I had thought it’d be fun, and uncanny, to clone my voice. I’d sought out the AI start-up ElevenLabs, paid $22 for a “creator” account, and uploaded some recordings of myself. A few hours later, I typed some words into a text box, hit “Enter,” and there I was: all the nasal lilts, hesitations, pauses, and mid-Atlantic-by-way-of-Ohio vowels that make my voice mine.

It was me, only more pompous. My voice clone speaks with the cadence of a pundit, no matter the subject. I type I like to eat pickles, and the voice spits it out as if I’m on Meet the Press. That’s not my voice’s fault; it is trained on just a few hours of me speaking into a microphone for various podcast appearances. The model likes to insert ums and ahs: In the recordings I gave it, I’m thinking through answers in real time and choosing my words carefully. It’s uncanny, yes, but also quite convincing—a part of my essence that’s been stripped, decoded, and reassembled by a little algorithmic model so as to no longer need my pesky brain and body.

  Listen to the author's AI voice:

Using ElevenLabs, you can clone your voice like I did, or type in some words and hear them spoken by “Freya,” “Giovanni,” “Domi,” or hundreds of other fake voices, each with a different accent or intonation. Or you can dub a clip into any one of 29 languages while preserving the speaker’s voice. In each case, the technology is unnervingly good. The voice bots don’t just sound far more human than voice assistants such as Siri; they also sound better than any other widely available AI audio software right now. What’s different about the best ElevenLabs voices, trained on far more audio than what I fed into the machine, isn’t so much the quality of the voice but the way the software uses context clues to modulate delivery. If you feed it a news report, it speaks in a serious, declarative tone.
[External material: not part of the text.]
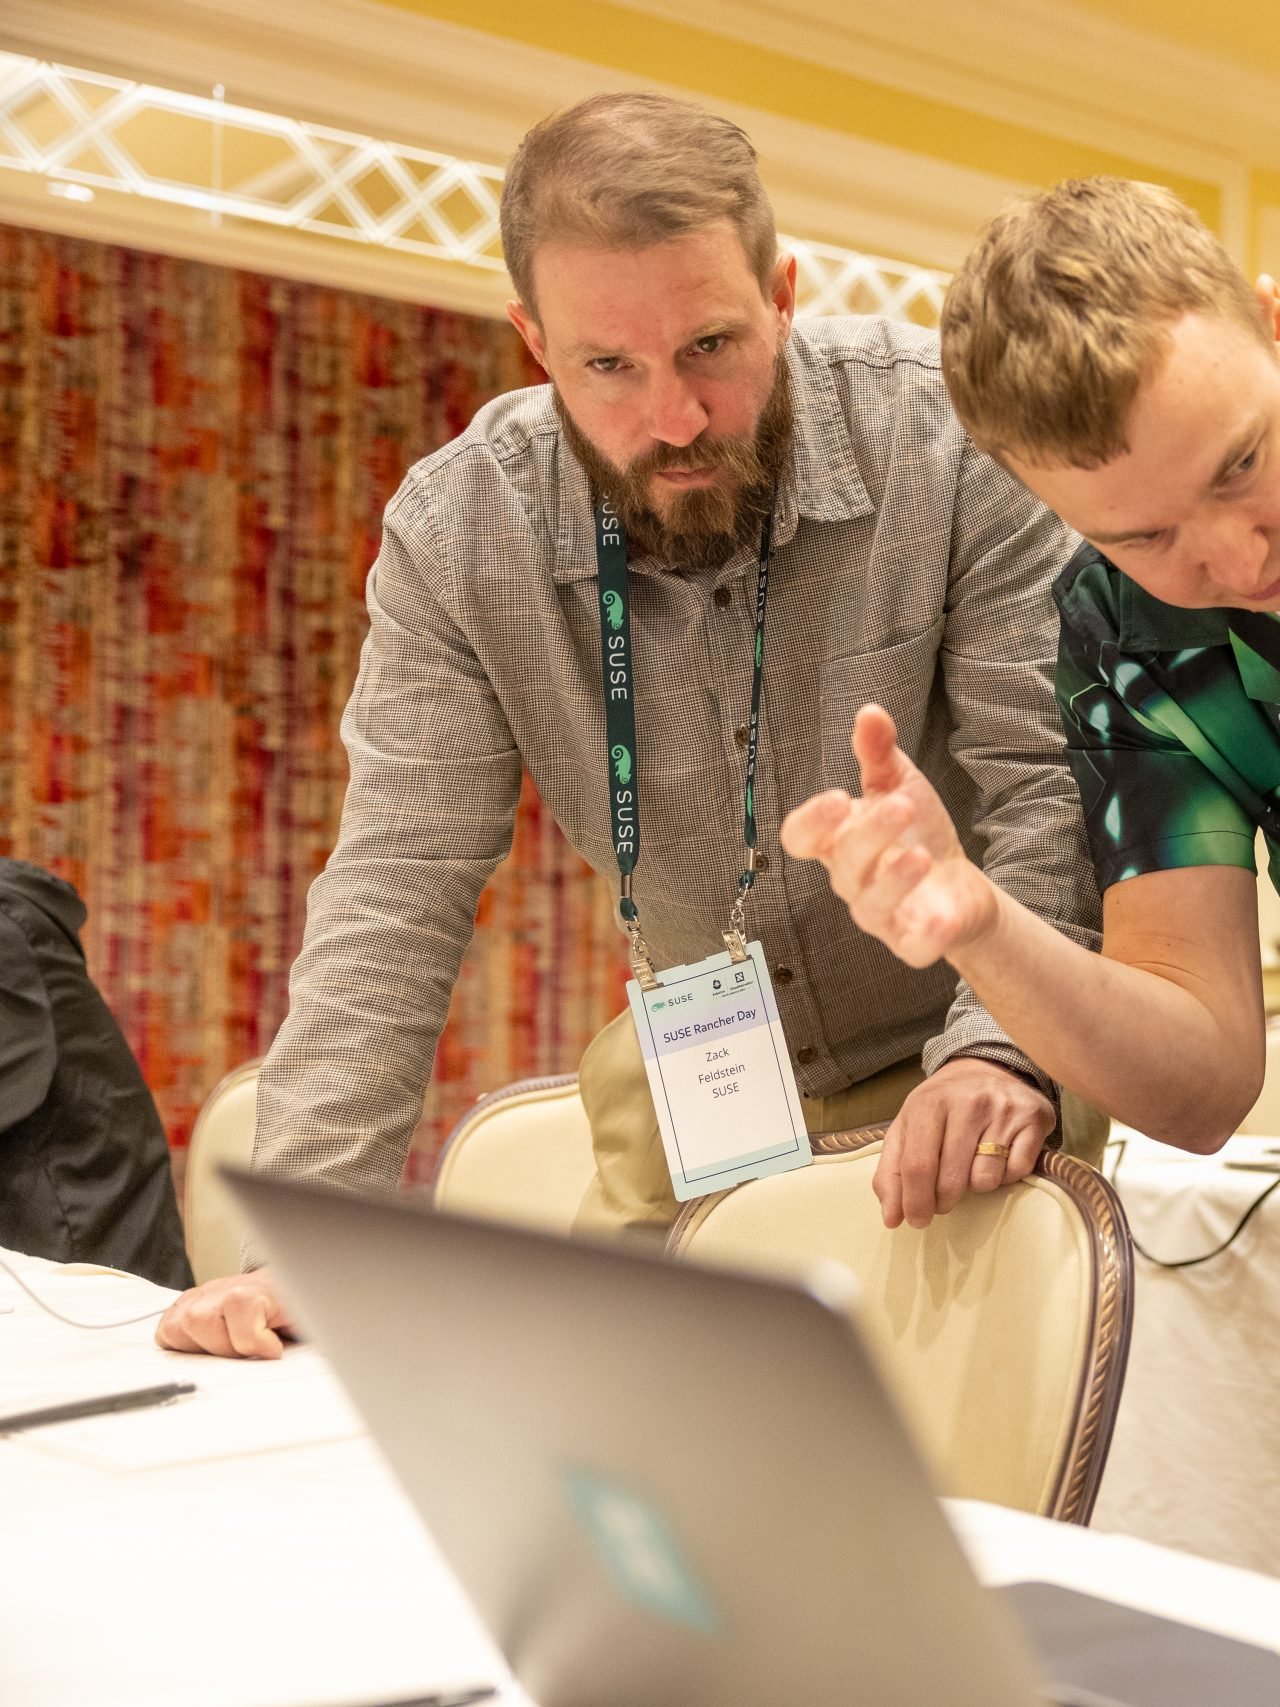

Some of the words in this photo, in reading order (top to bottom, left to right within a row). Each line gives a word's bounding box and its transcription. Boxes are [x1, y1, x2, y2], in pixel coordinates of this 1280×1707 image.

Paste in a few paragraphs of Hamlet, and an ElevenLabs voice reads it with a dramatic storybook flare.

Listen to ElevenLabs read Hamlet:

ElevenLabs launched an early version of its product a little over a year ago, but you might have listened to one of its voices without even knowing it. Nike used the software to create a clone of the NBA star Luka Dončić’s voice for a recent shoe campaign. New York City Mayor Eric Adams’s office cloned the politician’s voice so that it could deliver robocall messages in Spanish, Yiddish, Mandarin, Cantonese, and Haitian Creole. The technology has been used to re-create the voices of children killed in the Parkland school shooting, to lobby for gun reform. An ElevenLabs voice might be reading this article to you: The Atlantic uses the software to auto-generate audio versions of some stories, as does The Washington Post.

It’s easy, when you play around with the ElevenLabs software, to envision a world in which you can listen to all the text on the internet in voices as rich as those in any audiobook. But it’s just as easy to imagine the potential carnage: scammers targeting parents by using their children’s voice to ask for money, a nefarious October surprise from a dirty political trickster. I tested the tool to see how convincingly it could replicate my voice saying outrageous things. Soon, I had high-quality audio of my voice clone urging people not to vote, blaming “the globalists” for COVID, and confessing to all kinds of journalistic malpractice. It was enough to make me check with my bank to make sure any potential voice-authentication features were disabled.

I went to visit the ElevenLabs office and meet the people responsible for bringing this technology into the world. I wanted to better understand the AI revolution as it’s currently unfolding. But the more time I spent—with the company and the product—the less I found myself in the present. Perhaps more than any other AI company, ElevenLabs offers a window into the near future of this disruptive technology. The threat of deepfakes is real, but what ElevenLabs heralds may be far weirder. And nobody, not even its creators, seems ready for it.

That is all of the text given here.